Step 3: Validate speech data for LLM accuracy
Validating speaker attribution
Diarization is the process of identifying which speaker said what and when. For meeting summaries, it's what makes the difference between "someone said we need to move the deadline" and "Sarah said we need to move the deadline, and James agreed."
We run diarization on pyannoteAI's Precision-2 model, which delivers up to 3x lower DER than alternatives, better overlap handling, and cross-language consistency. This is an async-only feature, which is another reason async is the correct architecture for post-meeting summarization.
Precise timestamps for LLM input
Word-level timestamps serve two purposes in a meeting pipeline. First, they enable chapterization (breaking the transcript into logical segments by topic).

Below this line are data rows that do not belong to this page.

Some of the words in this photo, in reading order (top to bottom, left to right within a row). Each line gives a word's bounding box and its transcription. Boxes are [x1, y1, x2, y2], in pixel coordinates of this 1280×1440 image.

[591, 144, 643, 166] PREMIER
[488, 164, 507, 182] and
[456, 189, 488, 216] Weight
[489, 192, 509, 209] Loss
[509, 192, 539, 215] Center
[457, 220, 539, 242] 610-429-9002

Second, they allow the LLM to generate citations that link back to the exact moment in the recording when a decision was made. Extract utterances with their speaker labels and time boundaries before passing to the LLM:
def extract_diarized_utterances(transcript_response: dict) -> list[dict]:
utterances = []
for utterance in transcript_response.get("utterances", []):
utterances.append({
"speaker": utterance["speaker"],
"start": utterance["start"],
"end": utterance["end"],
"text": utterance["transcript"]
})
return utterances
Implementing robust retry strategies
Network failures and API timeouts happen in production. Build your webhook handler to be idempotent so processing the same result twice doesn't create duplicate summaries, and configure your job queue to support at-least-once delivery with exponential backoff. Log the job ID we return in the initial transcription response so your retry logic can check whether the original job completed before re-submitting, and avoid re-queuing jobs that already finished successfully.

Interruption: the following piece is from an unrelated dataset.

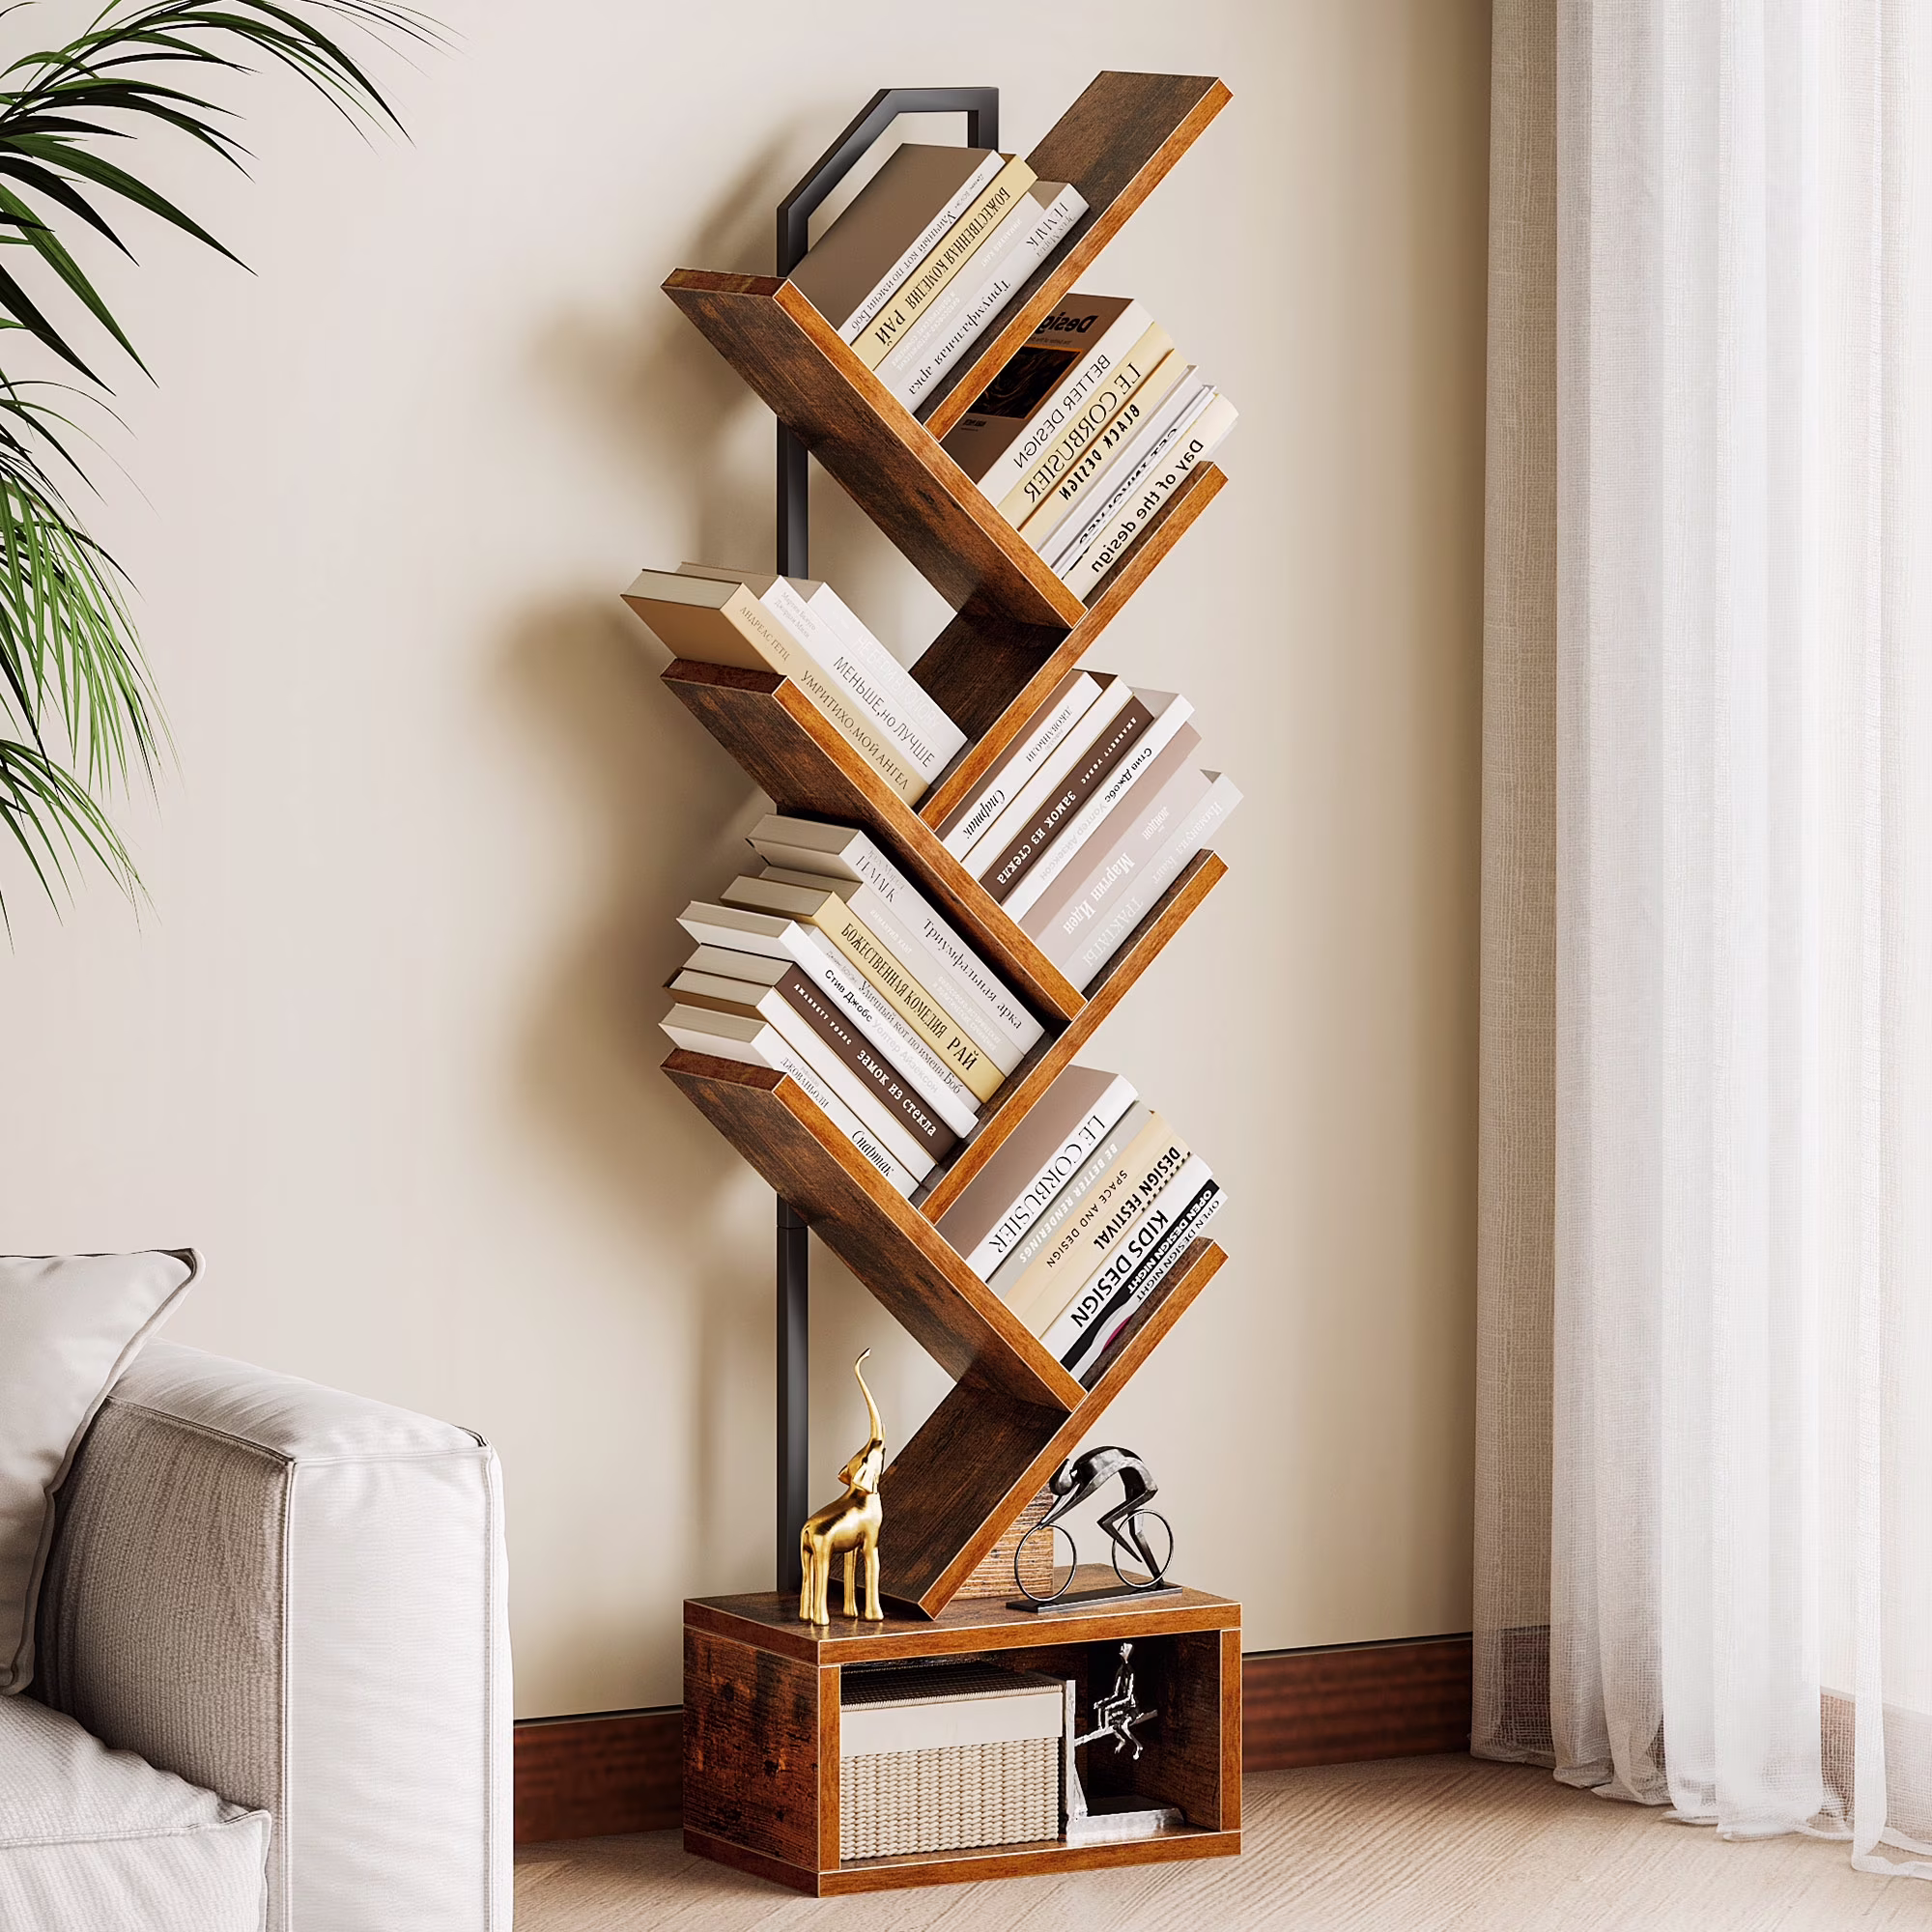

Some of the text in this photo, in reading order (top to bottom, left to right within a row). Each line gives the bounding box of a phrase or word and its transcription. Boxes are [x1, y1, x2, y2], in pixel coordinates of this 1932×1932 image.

Core transcript processing code
Parse the webhook payload and build the formatted string your LLM prompt expects:
def format_transcript_for_llm(utterances: list[dict]) -> str:
lines = []
for u in utterances:
timestamp = f"[{u['start']:.1f}s - {u['end']:.1f}s]"
lines.append(f"[{u['speaker']}] {timestamp}: {u['text']}")
return "\n".join(lines)
Step 4: Engineer prompts for meeting summaries
LLM context for accurate summaries
The diarized transcript is your LLM's primary input. Inject it as the user message and constrain the model's output structure via the system prompt. Do not ask the LLM to infer speaker identity from context. If diarization did its job, speaker attribution is already in the transcript, and the LLM should use it directly rather than guessing.
Reusable meeting summary prompts
Design your system prompt to constrain the LLM's output structure so you can parse it reliably. Here's a concrete example that produces consistent, structured JSON output:
SYSTEM_PROMPT = """
You are a meeting analyst. You receive transcripts with speaker labels and timestamps.
Extract the following from each transcript:
- A 3-5 sentence summary of the meeting
- All action items, each with an assignee if identifiable and a due date if mentioned
- All decisions made
- Open questions that were raised but not resolved
Return JSON only. Use this schema:
{
"summary": "string",
"action_items": [{"assignee": "string", "task": "string", "due": "string or null"}],
"decisions": ["string"],
"open_questions": ["string"]
}
"""
This schema gives you typed data structures you can insert directly into a database without fragile string parsing.
Handling long transcripts with chunking
Most LLM context windows handle 90-minute meetings comfortably in 2026, but for longer recordings or higher speaker counts, chunk by topic using the chapterization timestamps from our summarization feature.
Process each chapter independently and merge the outputs, which also improves summary granularity because the LLM operates on a focused segment rather than a 10,000-token wall of text.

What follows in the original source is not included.